= Luis García Renart =

Spanish-born Mexican cellist (1936–2020)

Luis García Renart (Barcelona) was a Spanish-born Mexican cellist. He often performed with his sister, the pianist Marta García Renart.

==Biography==
Born in Barcelona, Garcia first studied at the National Conservatory of Music (Mexico) and then at the conservatories of Bern and Basel in Switzerland with Sándor Veress and Sándor Végh. Between 1956 and 1960 he studied directly under Pablo Casals in France and Puerto Rico. In 1959 he won the Harriet Cohen International Music Award. In 1960 he won a scholarship to study at the Moscow Conservatory with Mstislav Rostropovich and Aram Khachaturian.

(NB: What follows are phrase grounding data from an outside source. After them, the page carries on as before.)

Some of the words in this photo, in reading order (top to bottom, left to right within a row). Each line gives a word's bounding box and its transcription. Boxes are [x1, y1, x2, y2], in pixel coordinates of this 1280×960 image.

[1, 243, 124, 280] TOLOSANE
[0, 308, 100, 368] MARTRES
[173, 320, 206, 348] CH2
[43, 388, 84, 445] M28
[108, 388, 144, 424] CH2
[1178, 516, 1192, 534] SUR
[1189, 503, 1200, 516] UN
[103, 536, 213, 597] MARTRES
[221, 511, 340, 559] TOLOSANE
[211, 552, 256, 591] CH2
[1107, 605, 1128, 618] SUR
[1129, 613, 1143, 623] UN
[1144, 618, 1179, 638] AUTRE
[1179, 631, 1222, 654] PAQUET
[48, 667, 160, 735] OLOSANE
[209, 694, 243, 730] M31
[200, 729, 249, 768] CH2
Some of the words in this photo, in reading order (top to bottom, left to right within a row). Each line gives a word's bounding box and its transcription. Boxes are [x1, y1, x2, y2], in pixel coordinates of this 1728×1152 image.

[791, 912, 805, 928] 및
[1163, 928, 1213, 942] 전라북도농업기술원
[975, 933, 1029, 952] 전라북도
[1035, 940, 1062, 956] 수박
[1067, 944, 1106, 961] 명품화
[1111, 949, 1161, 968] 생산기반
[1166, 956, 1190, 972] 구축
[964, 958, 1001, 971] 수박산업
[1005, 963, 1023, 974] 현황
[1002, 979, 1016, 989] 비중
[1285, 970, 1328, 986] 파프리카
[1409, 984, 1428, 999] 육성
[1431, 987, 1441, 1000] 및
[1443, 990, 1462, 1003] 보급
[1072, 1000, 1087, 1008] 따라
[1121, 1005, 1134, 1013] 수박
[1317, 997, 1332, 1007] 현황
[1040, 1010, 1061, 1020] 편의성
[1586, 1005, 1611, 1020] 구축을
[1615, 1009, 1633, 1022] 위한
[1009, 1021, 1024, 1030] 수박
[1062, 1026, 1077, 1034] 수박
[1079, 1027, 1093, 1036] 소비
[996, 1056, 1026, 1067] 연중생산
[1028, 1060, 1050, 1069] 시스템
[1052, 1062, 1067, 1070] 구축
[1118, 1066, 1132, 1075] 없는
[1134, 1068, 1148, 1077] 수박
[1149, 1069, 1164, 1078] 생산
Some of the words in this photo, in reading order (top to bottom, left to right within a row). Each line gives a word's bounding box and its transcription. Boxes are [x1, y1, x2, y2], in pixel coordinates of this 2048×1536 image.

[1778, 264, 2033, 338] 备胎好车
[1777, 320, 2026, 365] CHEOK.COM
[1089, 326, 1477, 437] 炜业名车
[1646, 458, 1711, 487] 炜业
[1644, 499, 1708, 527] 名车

In 1963 he won the Young Concert Artists International Auditions which led to his New York City recital debut at Carnegie Hall. He had then performed as a soloist with orchestras and music ensembles throughout Europe, the Soviet Union, Israel, North America, and South America. He was part of the cello faculty at both Bard College Conservatory of Music and Vassar College. Several of his students, such as Tom Cora, have gone on to have successful careers of their own.

Mr. Garcia-Renart was artistic director of The Woodstock Chamber Orchestra (NY) from 1991 to 2002.

Professor Garcia-Renart died on July 6, 2020, at the age of 84.